Burano lace makers. According to an ancient legend, one day a fisherman in love with his girlfriend managed to resist the lure of the song of the Sirens.
The Queen of the Sirens rewarded the fisherman by creating a foam on his boat from which the design of the wedding veil was born.
On his return he gave his girlfriend an identical veil and so the envious girls tried to imitate him trying to sew the same thing for their wedding.

In ancient times, more than five steps were required to make a lace, which are still made by five people today. Each lace maker was assigned the passage she was good at (even if she knew all the points), so that the job was as profitable as possible, as it was a piecework job.

There were the ladies responsible for the designs, others the neckline, that is the passage in which the lace design is fixed on the layers of fabric and paper; it served as a weft on which the first lace-maker, after the fabric had been attached to the lace cushion, performed the “ghipur” or “punto Burano” (the Burano stitch) over the whole design.
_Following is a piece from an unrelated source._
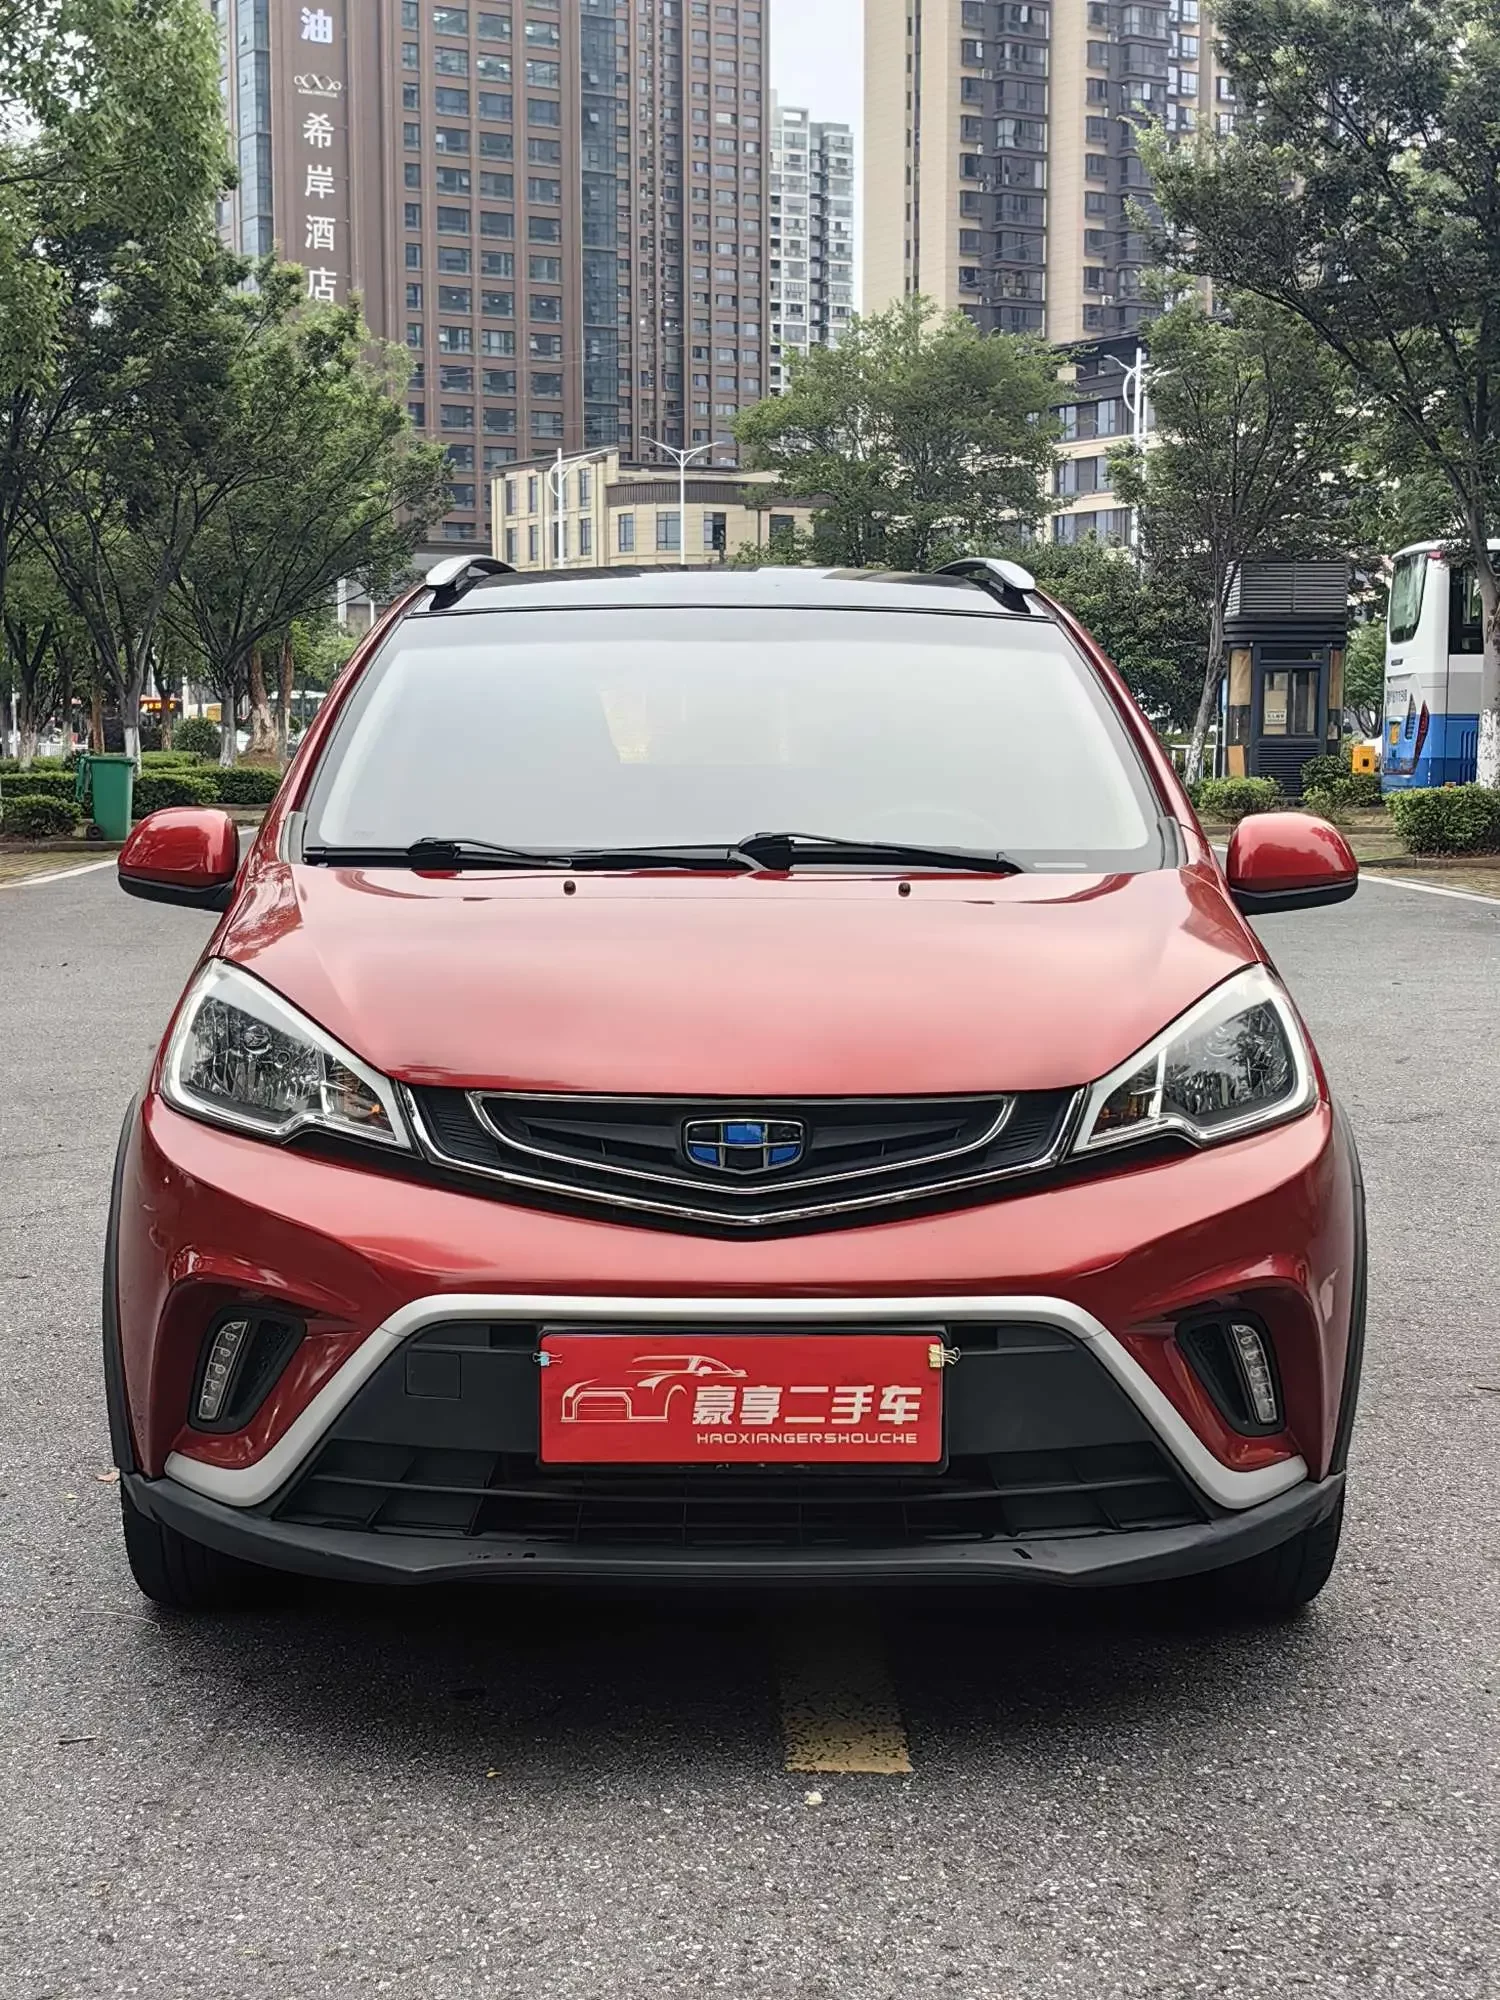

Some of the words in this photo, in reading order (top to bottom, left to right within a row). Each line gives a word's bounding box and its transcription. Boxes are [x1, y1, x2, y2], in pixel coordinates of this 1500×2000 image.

Then the other lace makers made the “bars”, the “net stitch” and finally the relief that emphasized the size. Lastly, the lace was pinched from the paper by cutting all the seams and all unnecessary threads were carefully removed with tweezers.

In the early 1900s lace was made by fewer ladies than in 1500, because the girls found work in the “Muranos conterie” and in small Venetian tailoring workshops, where they earned more money.